= Activity =
Every record below must be retyped exactly, with the pictures left out.

= Records shown =
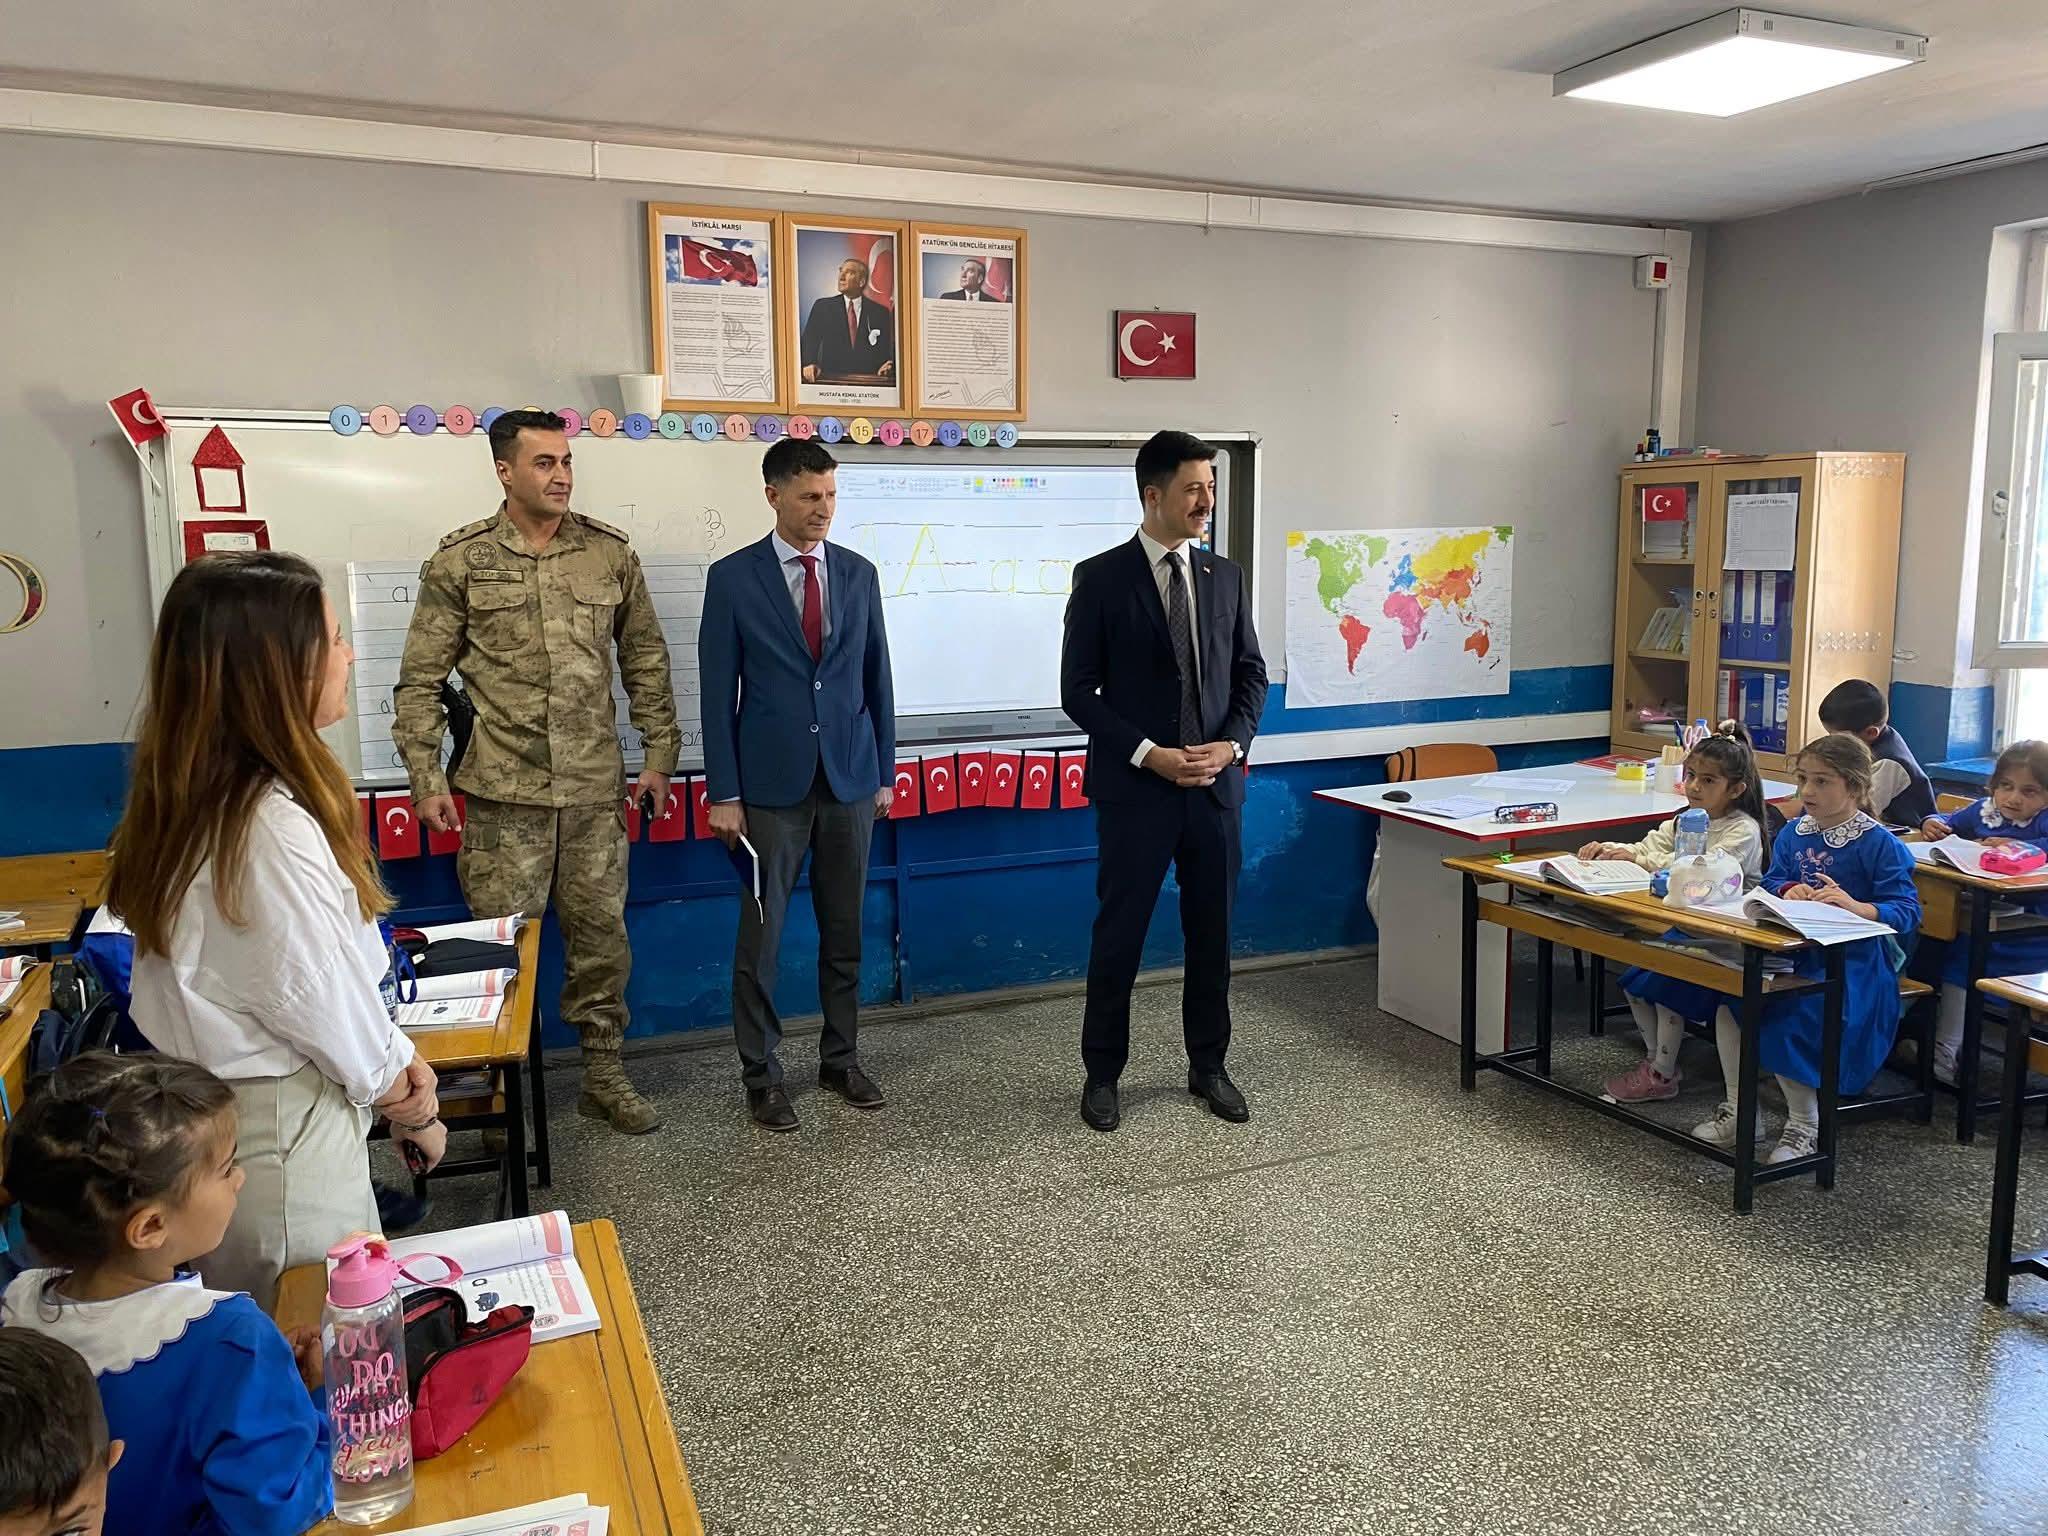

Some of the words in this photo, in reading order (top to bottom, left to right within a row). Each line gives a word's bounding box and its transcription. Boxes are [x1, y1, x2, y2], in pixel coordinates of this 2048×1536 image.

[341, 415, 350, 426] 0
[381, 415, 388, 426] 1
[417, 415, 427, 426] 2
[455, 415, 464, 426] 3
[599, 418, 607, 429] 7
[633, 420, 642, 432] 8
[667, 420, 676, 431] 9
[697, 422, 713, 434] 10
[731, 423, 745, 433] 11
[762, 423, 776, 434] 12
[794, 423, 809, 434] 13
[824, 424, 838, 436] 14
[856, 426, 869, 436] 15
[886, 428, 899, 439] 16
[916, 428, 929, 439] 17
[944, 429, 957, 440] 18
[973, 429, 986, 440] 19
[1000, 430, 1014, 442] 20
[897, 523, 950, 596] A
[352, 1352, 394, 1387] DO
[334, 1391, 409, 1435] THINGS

= Solution to this exercise =
Some of the words in this photo, in reading order (top to bottom, left to right within a row). Each line gives a word's bounding box and its transcription. Boxes are [x1, y1, x2, y2], in pixel coordinates of this 2048×1536 image.

[341, 415, 350, 426] 0
[381, 415, 388, 426] 1
[417, 415, 427, 426] 2
[455, 415, 464, 426] 3
[599, 418, 607, 429] 7
[633, 420, 642, 432] 8
[667, 420, 676, 431] 9
[697, 422, 713, 434] 10
[731, 423, 745, 433] 11
[762, 423, 776, 434] 12
[794, 423, 809, 434] 13
[824, 424, 838, 436] 14
[856, 426, 869, 436] 15
[886, 428, 899, 439] 16
[916, 428, 929, 439] 17
[944, 429, 957, 440] 18
[973, 429, 986, 440] 19
[1000, 430, 1014, 442] 20
[897, 523, 950, 596] A
[352, 1352, 394, 1387] DO
[334, 1391, 409, 1435] THINGS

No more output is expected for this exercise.